▶ **Task brief**
Only the line with "Some of the text" and the lines after it, through the end of the material, belong in the answer; repeat them exactly.

══ Data to use

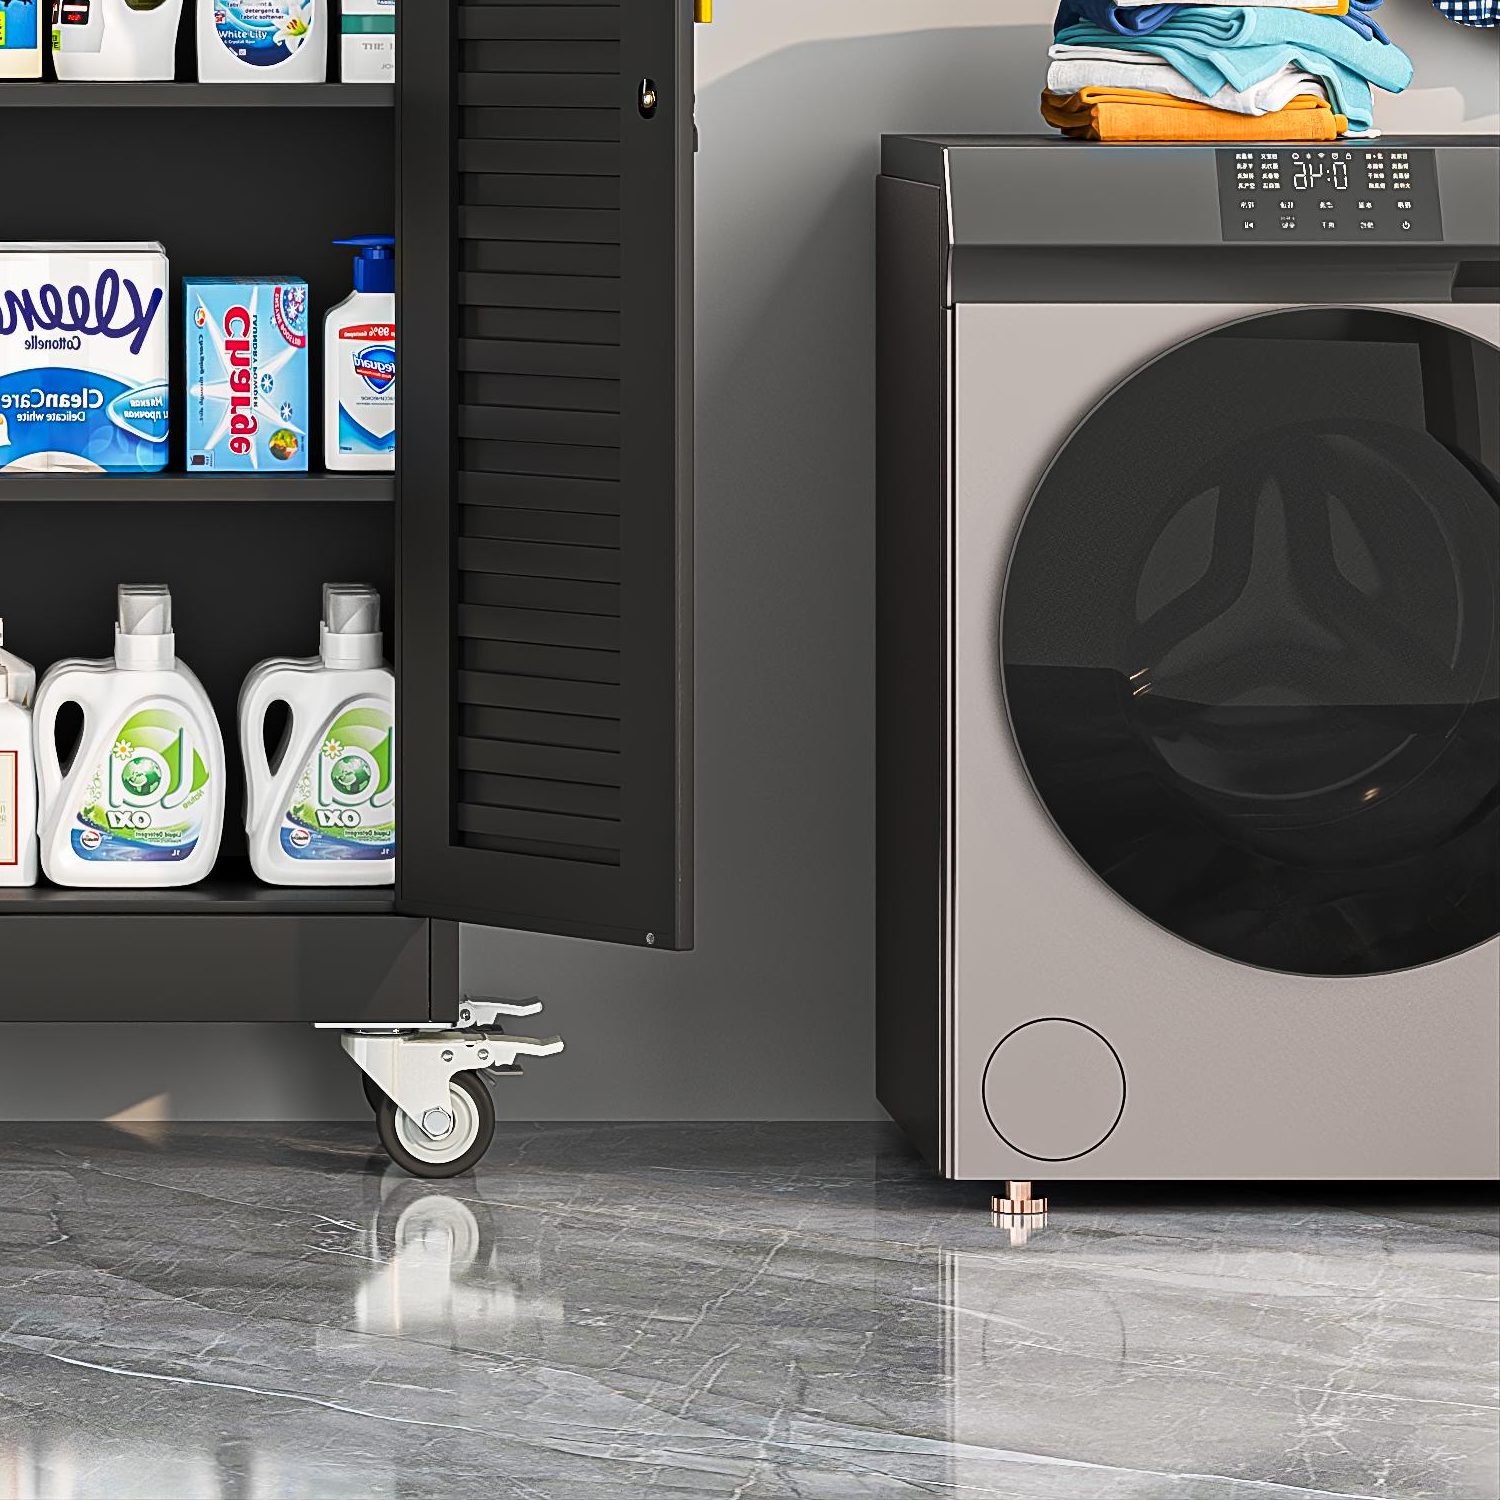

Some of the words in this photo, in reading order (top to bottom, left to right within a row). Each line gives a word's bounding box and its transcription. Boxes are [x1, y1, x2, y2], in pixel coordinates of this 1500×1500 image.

[244, 7, 274, 15] detergent
[220, 30, 247, 39] White
[249, 30, 268, 41] Lily
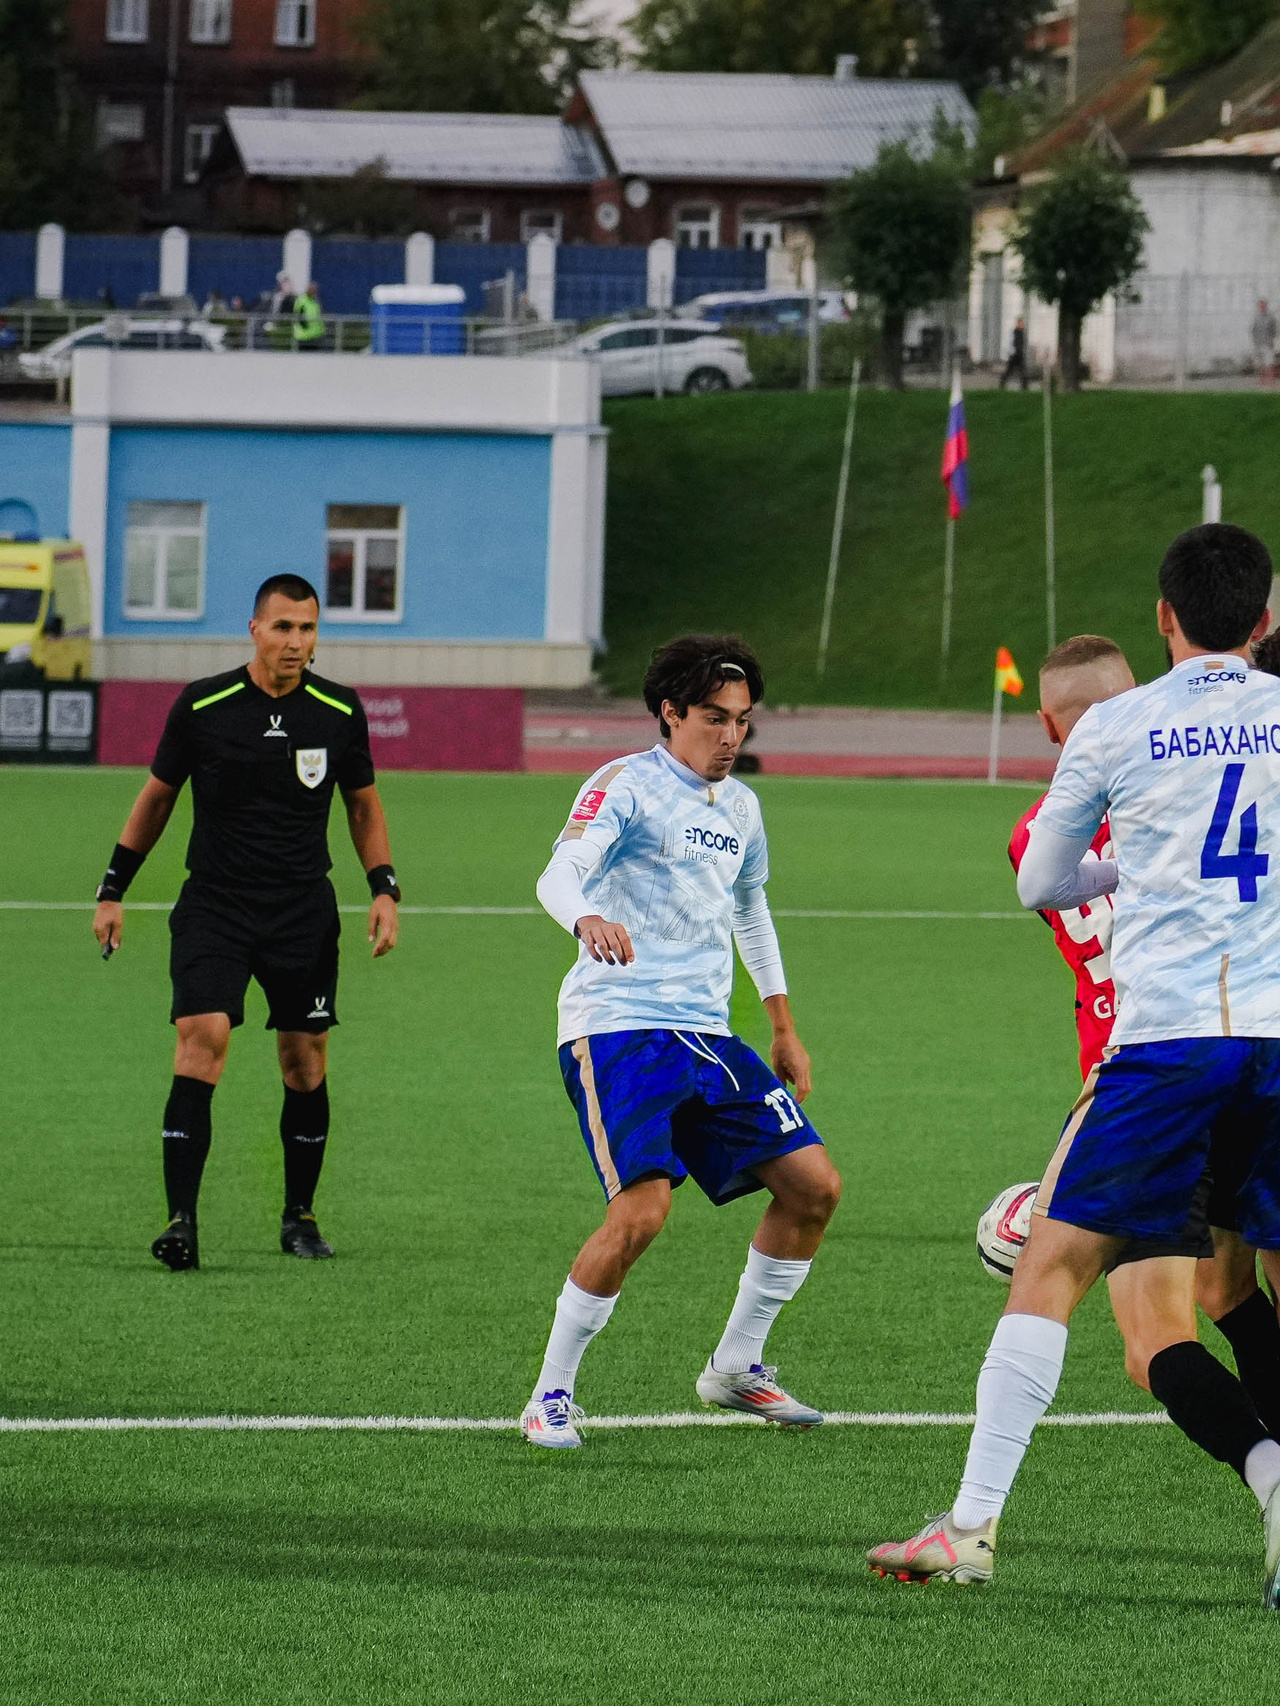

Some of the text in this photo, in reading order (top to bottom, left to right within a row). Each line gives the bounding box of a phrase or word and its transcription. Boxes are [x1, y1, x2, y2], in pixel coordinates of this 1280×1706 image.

[1187, 671, 1247, 686] encore
[1188, 684, 1224, 696] fitness
[685, 826, 739, 856] encore
[1200, 763, 1270, 903] 4
[684, 845, 719, 865] fitness
[764, 1088, 804, 1134] 17

════

▶ **Written solution**
Some of the text in this photo, in reading order (top to bottom, left to right within a row). Each line gives the bounding box of a phrase or word and its transcription. Boxes are [x1, y1, x2, y2], in pixel coordinates of this 1280×1706 image.

[1187, 671, 1247, 686] encore
[1188, 684, 1224, 696] fitness
[685, 826, 739, 856] encore
[1200, 763, 1270, 903] 4
[684, 845, 719, 865] fitness
[764, 1088, 804, 1134] 17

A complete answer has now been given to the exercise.